In the comments, you leave some personal information about yourself, explaining why someone would want to read your journal; in this way, all you fascinating people will find your way to each other.
There's one twist, though: You must, as your last line, list your favorite movie. If you can't pick a favorite movie, as many can't, then pick your favorite movie that you've seen in the last year. If you don't have a favorite movie, then you baffle me. Here, I'll go first:
I'm Ferrett. I swing wildly between the poles of "completely obscene" and "tender notes to my wife," with a healthy dose of puns to liven it up. I like big questions that can't really be answered; I like exploring gray zones where only fools have a clear answer. In short, I like staring at the bits of humanity which nobody can really answer clearly. I'm also trying to go professional as a writer, which means that I spend far too much time blathering on about the details of fiction. This is probably good, though, since it's stopped me from blathering about Rock Band as much.
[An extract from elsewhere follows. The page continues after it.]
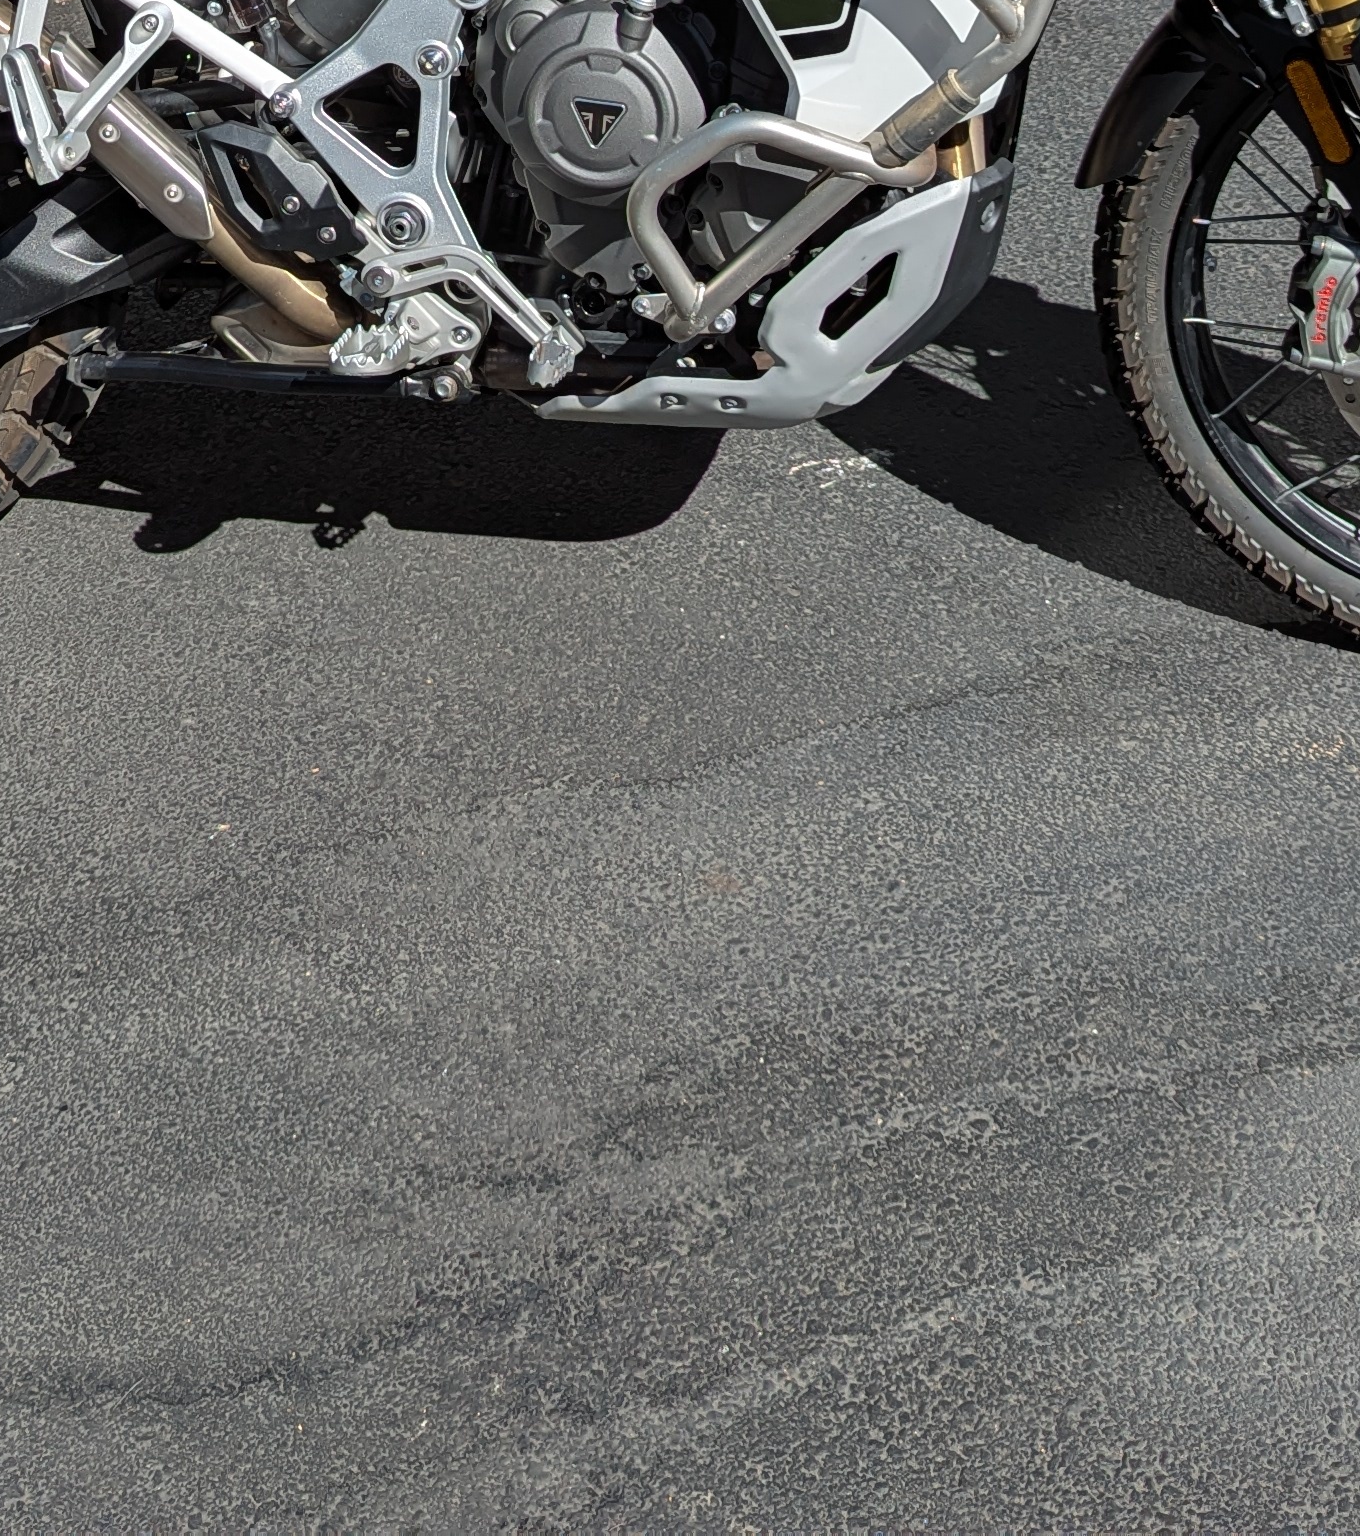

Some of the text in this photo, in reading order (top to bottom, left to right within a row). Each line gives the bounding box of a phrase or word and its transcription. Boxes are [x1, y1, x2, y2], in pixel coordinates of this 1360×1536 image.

[1146, 135, 1198, 325] TRAILMAX MISSION
[1310, 276, 1338, 345] brembo
My favorite movie cycles between "Star Wars," "The Godfather," and "Galaxy Quest," which really doesn't say much about me because hell, they're all pop culture icons. If I had to pick my favorite movie of the last year, then I'd have to say The Hurt Locker - which I reviewed here, but if you don't want to read that I'll say it's the kind of movie that many will hate. It's more tense than most horror films, given that it's about a man defusing bombs in Iraq, and yet it has a strong character at the center that makes you wonder why the hell this guy is launching himself headlong into the most dangerous assignments? It's a film that I'm not sure I want to watch a lot, but I will buy it when it comes out on DVD (a rarity these days) because I know I'll be saying, "You never saw Hurt Locker?" and leap to my shelves so they can borrow it immediately.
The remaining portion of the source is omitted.